* _To do_: Your answer should be the records, copied exactly, with the pictures removed.

* _Records provided_:

━━━━━━━━

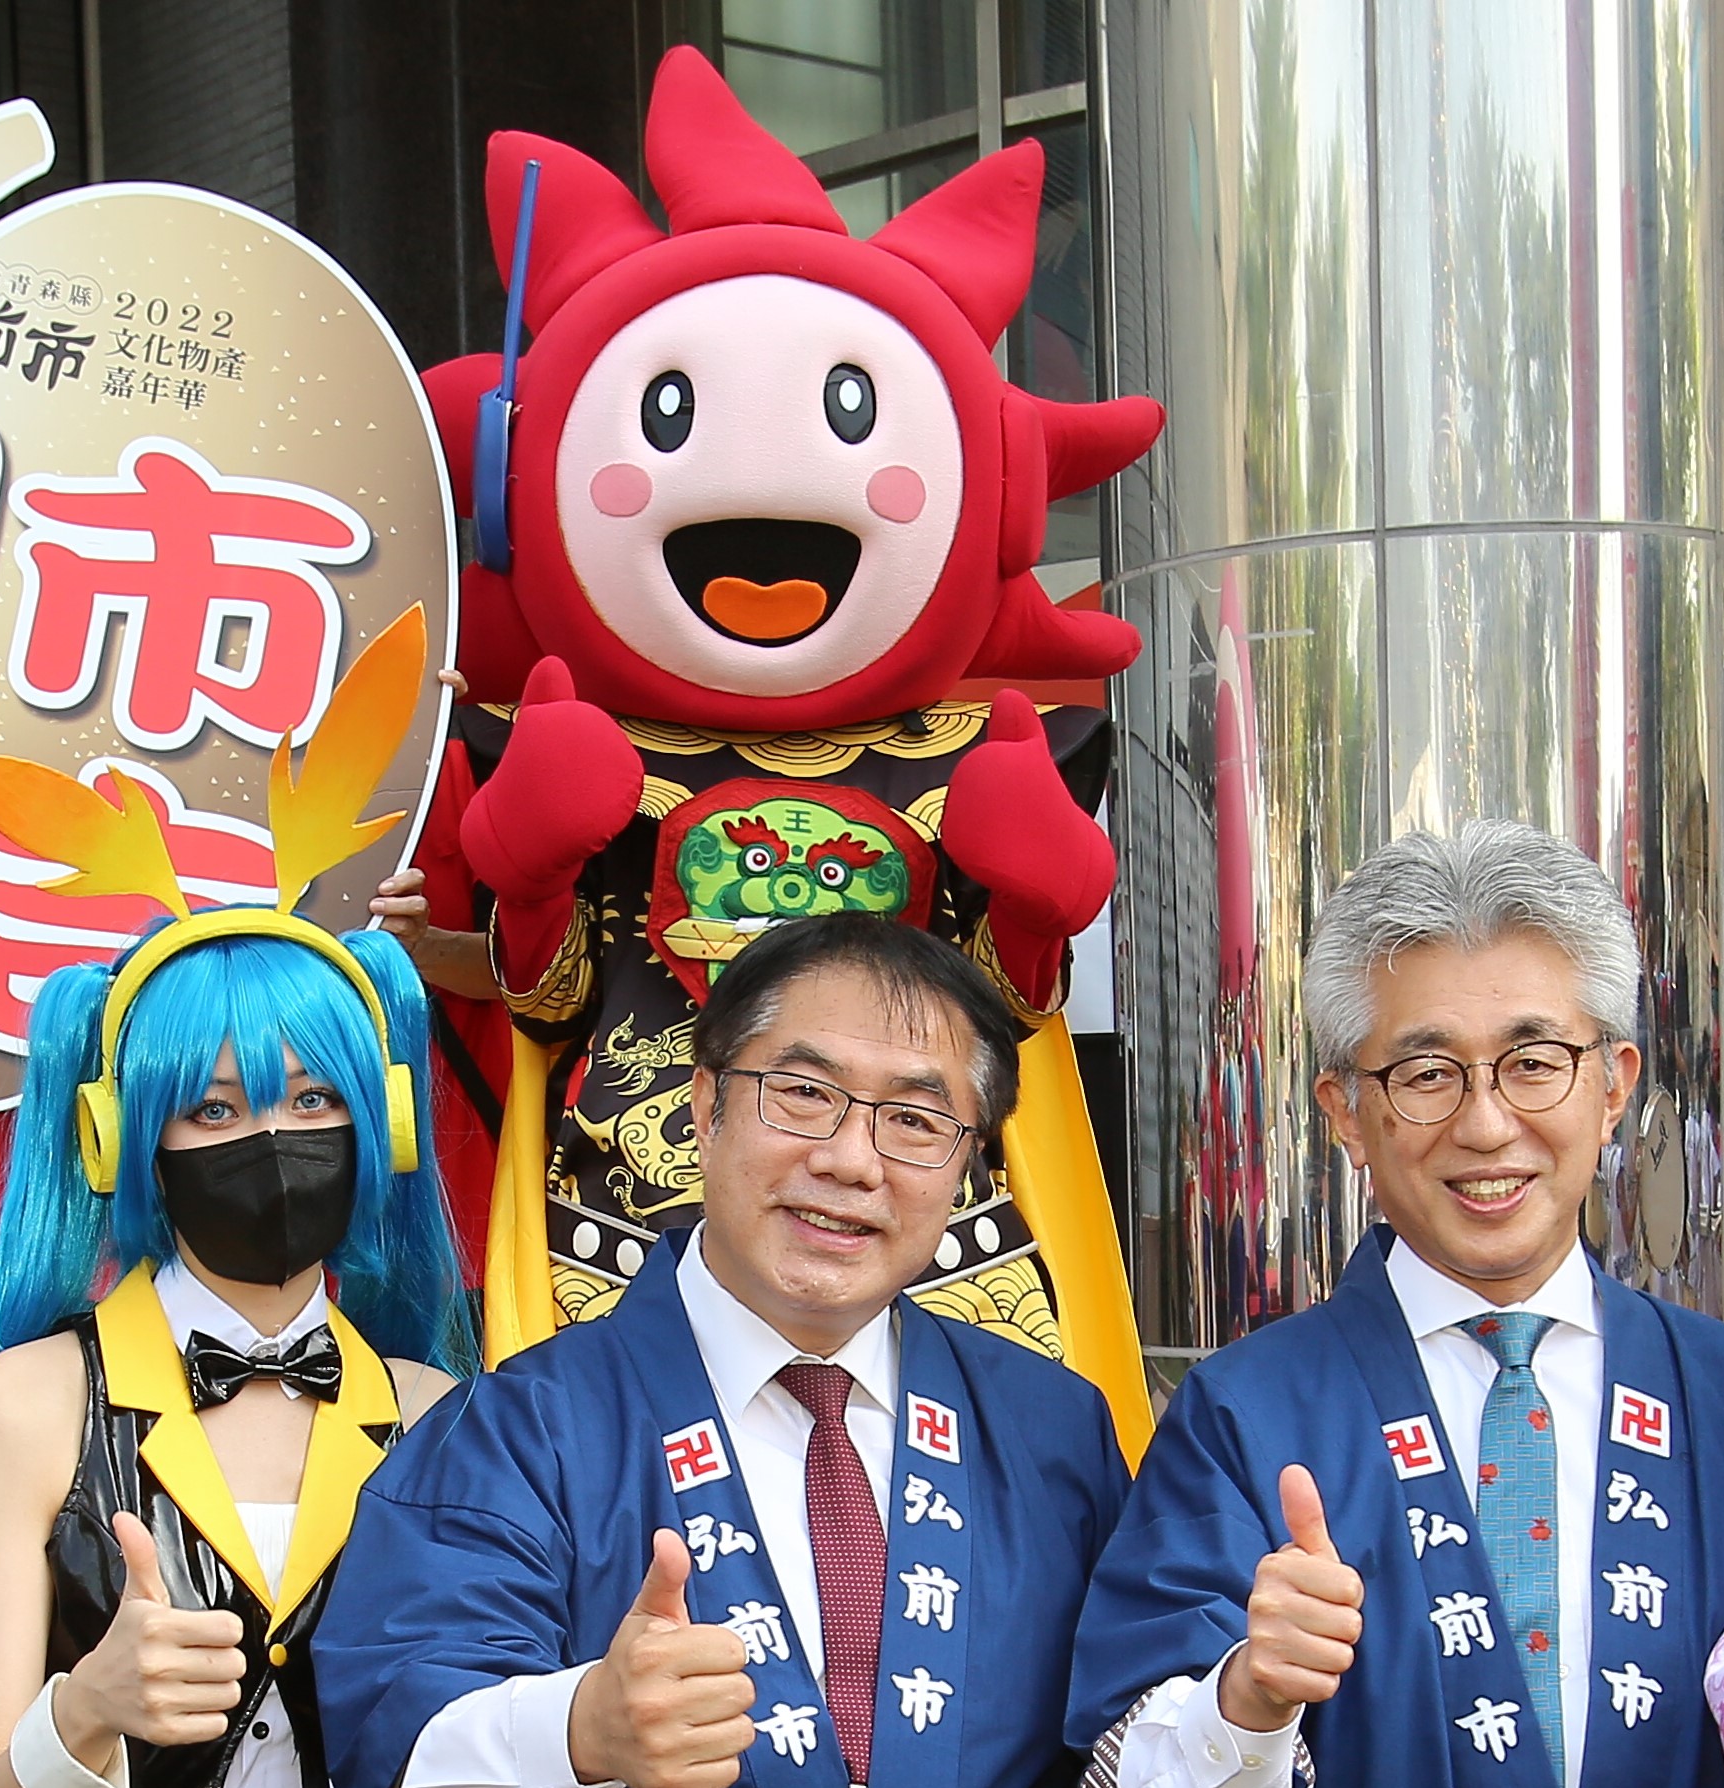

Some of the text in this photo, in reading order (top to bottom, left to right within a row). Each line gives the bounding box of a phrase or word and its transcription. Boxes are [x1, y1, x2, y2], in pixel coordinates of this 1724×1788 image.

[100, 366, 208, 410] 嘉年華
[105, 329, 249, 381] 文化物產
[114, 292, 235, 339] 2022
[783, 809, 812, 834] 王
[682, 1513, 821, 1768] 弘前市
[891, 1472, 965, 1735] 弘前市
[1404, 1506, 1523, 1763] 弘前市
[1600, 1469, 1671, 1730] 弘前市

━━━━━━━━

* _Exercise result_:
Some of the text in this photo, in reading order (top to bottom, left to right within a row). Each line gives the bounding box of a phrase or word and its transcription. Boxes are [x1, y1, x2, y2], in pixel coordinates of this 1724×1788 image.

[100, 366, 208, 410] 嘉年華
[105, 329, 249, 381] 文化物產
[114, 292, 235, 339] 2022
[783, 809, 812, 834] 王
[682, 1513, 821, 1768] 弘前市
[891, 1472, 965, 1735] 弘前市
[1404, 1506, 1523, 1763] 弘前市
[1600, 1469, 1671, 1730] 弘前市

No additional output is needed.